Le défenseur Anton Ferdinand (de dos) refuse de serrer la main de John Terry, lors du match QPR - Chelsea, le 15 septembre 2012 à Londres.
Le défenseur Anton Ferdinand (de dos) refuse de serrer la main de John Terry, lors du match QPR - Chelsea, le 15 septembre 2012 à Londres. - REUTERS

R.S.

Un an après, Anton Ferdinand n’a pas pardonné à John Terry ses insultes racistes. Le défenseur de Queen’s Park Rangers n’a pas voulu lui serrer la main lors du protocole d’avant match entre QPR et Chelsea, samedi après-midi. Terry a bien essayé de parler à Ferdinand, mais celui-ci n’a rien voulu entendre.
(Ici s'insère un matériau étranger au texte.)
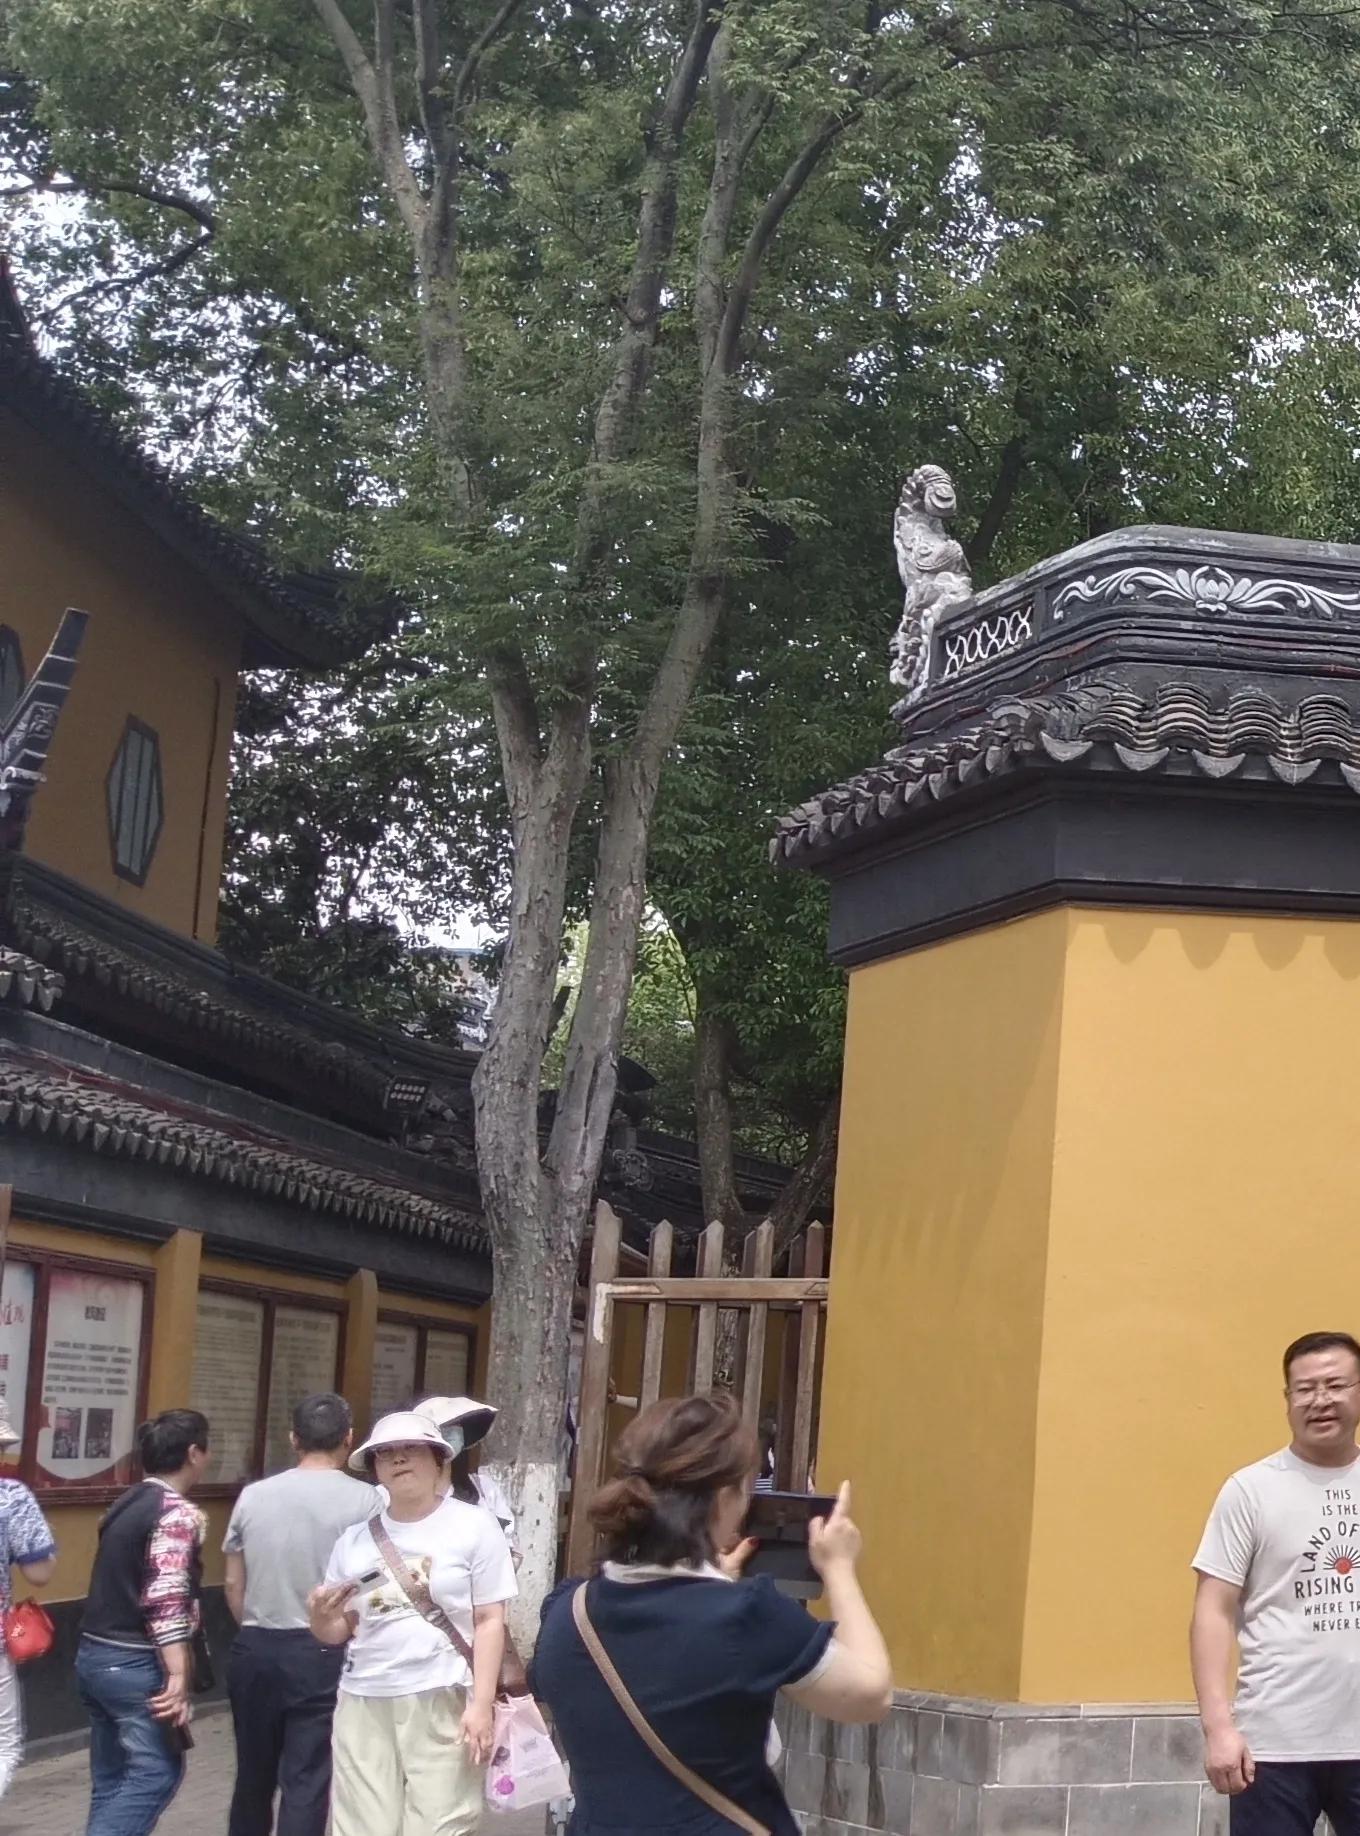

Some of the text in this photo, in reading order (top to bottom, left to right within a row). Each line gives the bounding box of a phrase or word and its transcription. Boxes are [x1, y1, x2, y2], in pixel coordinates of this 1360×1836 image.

Il a également esquivé Ashley Cole qui avait à l’époque soutenu Terry. Grâce au témoignage de Cole, la justice anglaise avait blanchi le capitaine de Chelsea l'été dernier. Mais il reste sous la menace de sanctions sportives de la fédération anglaise.

Cette affaire avait coûté le brassard de capitaine de la sélection anglaise à Terry. Le sélectionneur Roy Hogdson avait aussi été contraint de se passer de Rio Ferdinand, le frère d’Anton, pour éviter les conflits.